__Task to complete__:
The records below are to be copied exactly, with their pictures left out.
Record extracts below:
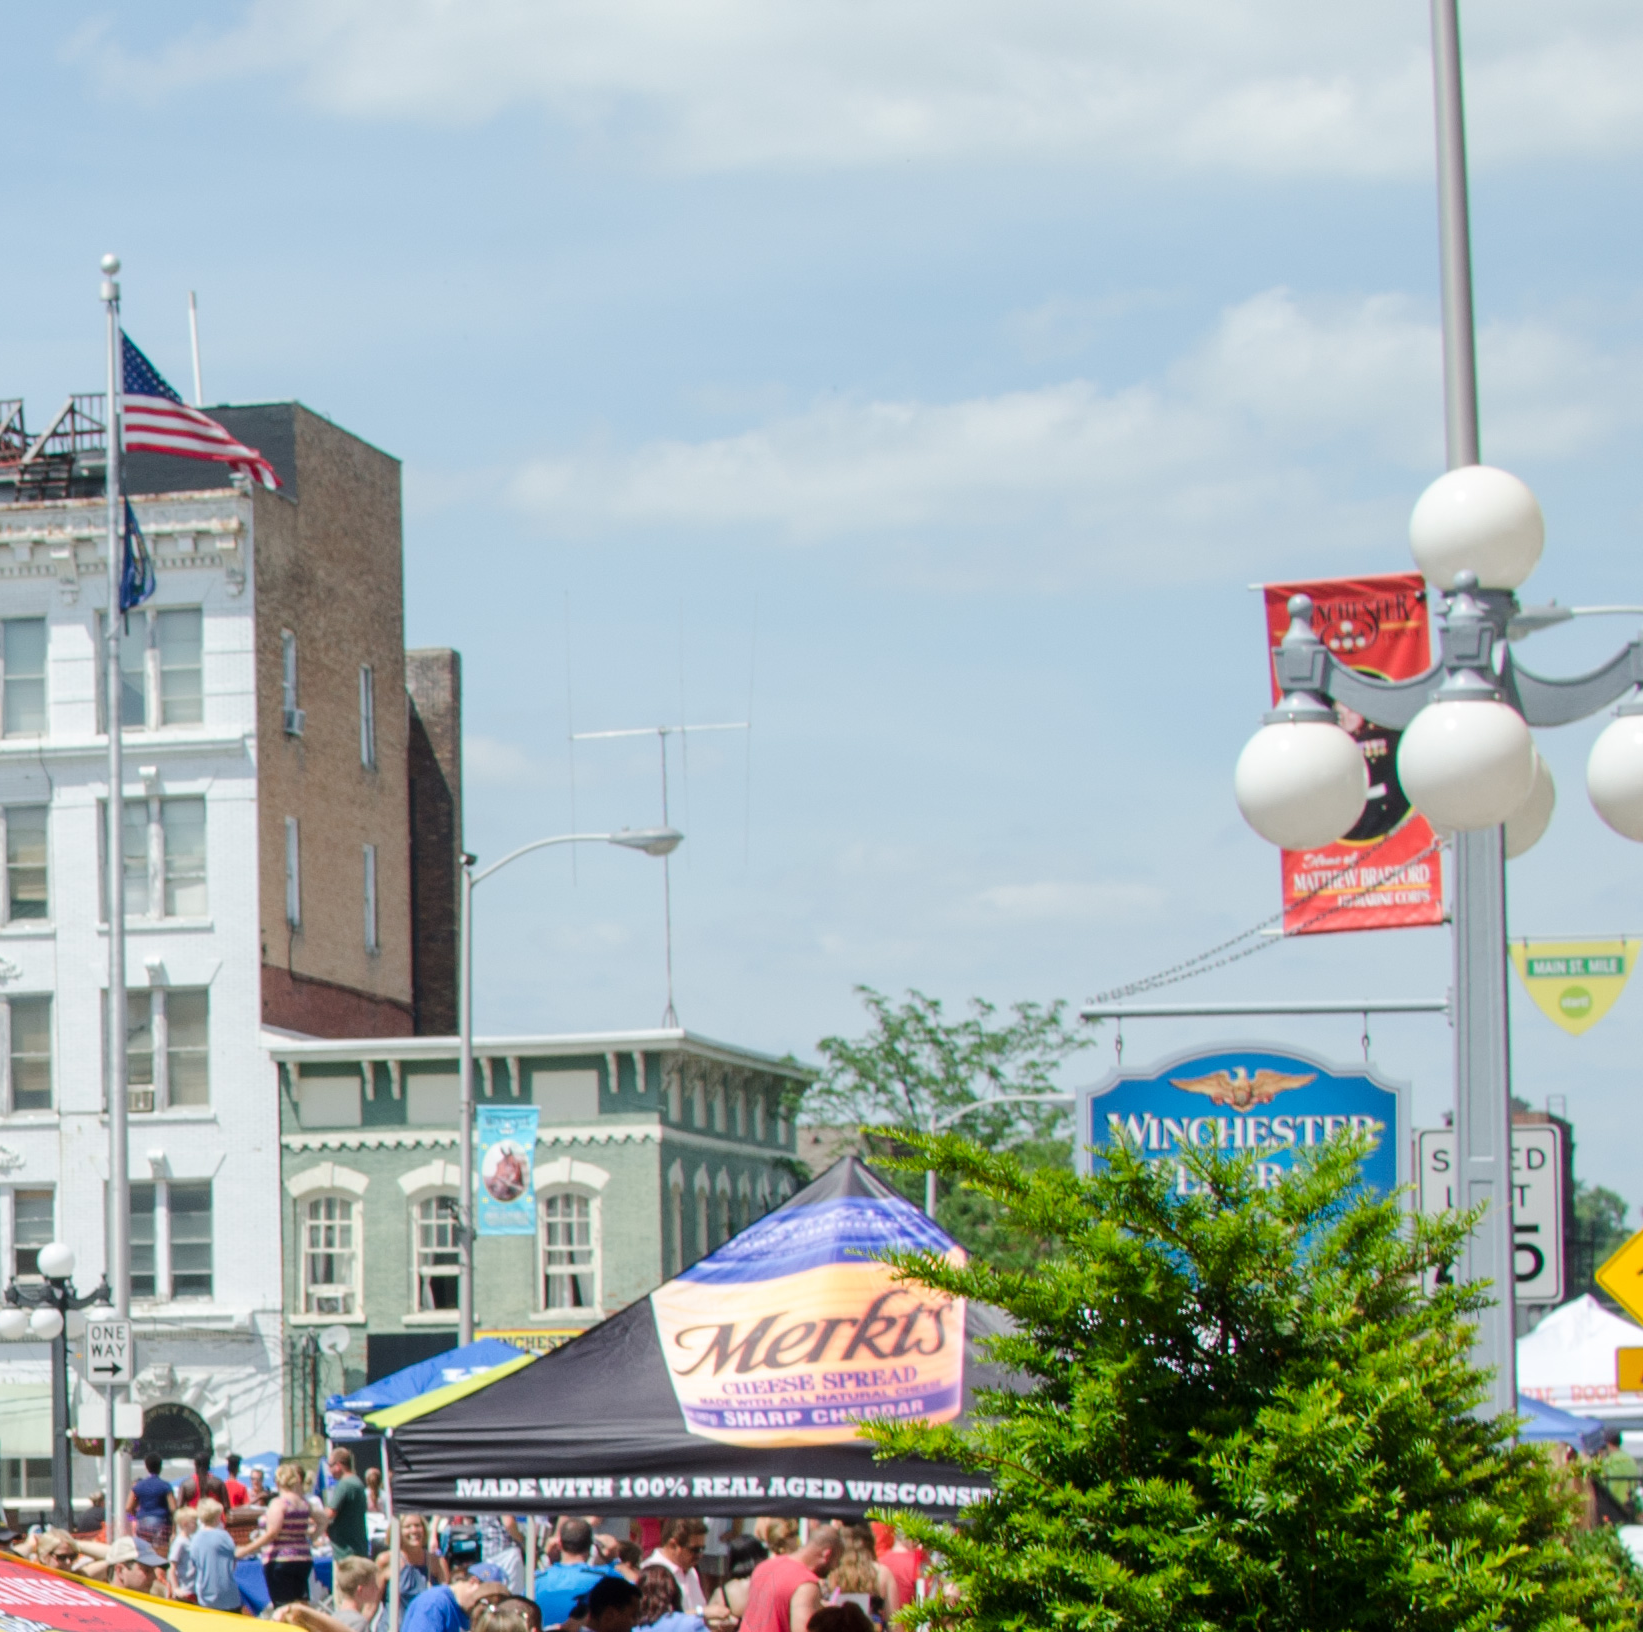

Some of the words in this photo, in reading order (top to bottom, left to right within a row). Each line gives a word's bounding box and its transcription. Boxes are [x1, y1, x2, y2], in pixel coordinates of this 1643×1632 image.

[1533, 960, 1567, 975] MAIN
[1569, 959, 1586, 974] ST.
[1589, 958, 1618, 974] MILE
[1106, 1112, 1377, 1151] WINCHESTER
[91, 1325, 125, 1341] ONE
[91, 1343, 126, 1358] WAY
[721, 1374, 815, 1396] CHEESE
[822, 1365, 918, 1391] SPREAD
[698, 1397, 733, 1407] MADE
[736, 1396, 773, 1406] WITH
[779, 1394, 808, 1404] ALL
[815, 1388, 889, 1403] NATURAL
[723, 1408, 802, 1428] SHARP
[811, 1399, 925, 1425] CHEDDAR
[456, 1477, 537, 1499] MADE
[539, 1477, 613, 1499] WITH
[619, 1475, 690, 1499] 100%
[692, 1476, 764, 1498] REAL
[767, 1477, 844, 1500] AGED
End of Record extracts.
__Written answer__:
Some of the words in this photo, in reading order (top to bottom, left to right within a row). Each line gives a word's bounding box and its transcription. Boxes are [x1, y1, x2, y2], in pixel coordinates of this 1643×1632 image.

[1533, 960, 1567, 975] MAIN
[1569, 959, 1586, 974] ST.
[1589, 958, 1618, 974] MILE
[1106, 1112, 1377, 1151] WINCHESTER
[91, 1325, 125, 1341] ONE
[91, 1343, 126, 1358] WAY
[721, 1374, 815, 1396] CHEESE
[822, 1365, 918, 1391] SPREAD
[698, 1397, 733, 1407] MADE
[736, 1396, 773, 1406] WITH
[779, 1394, 808, 1404] ALL
[815, 1388, 889, 1403] NATURAL
[723, 1408, 802, 1428] SHARP
[811, 1399, 925, 1425] CHEDDAR
[456, 1477, 537, 1499] MADE
[539, 1477, 613, 1499] WITH
[619, 1475, 690, 1499] 100%
[692, 1476, 764, 1498] REAL
[767, 1477, 844, 1500] AGED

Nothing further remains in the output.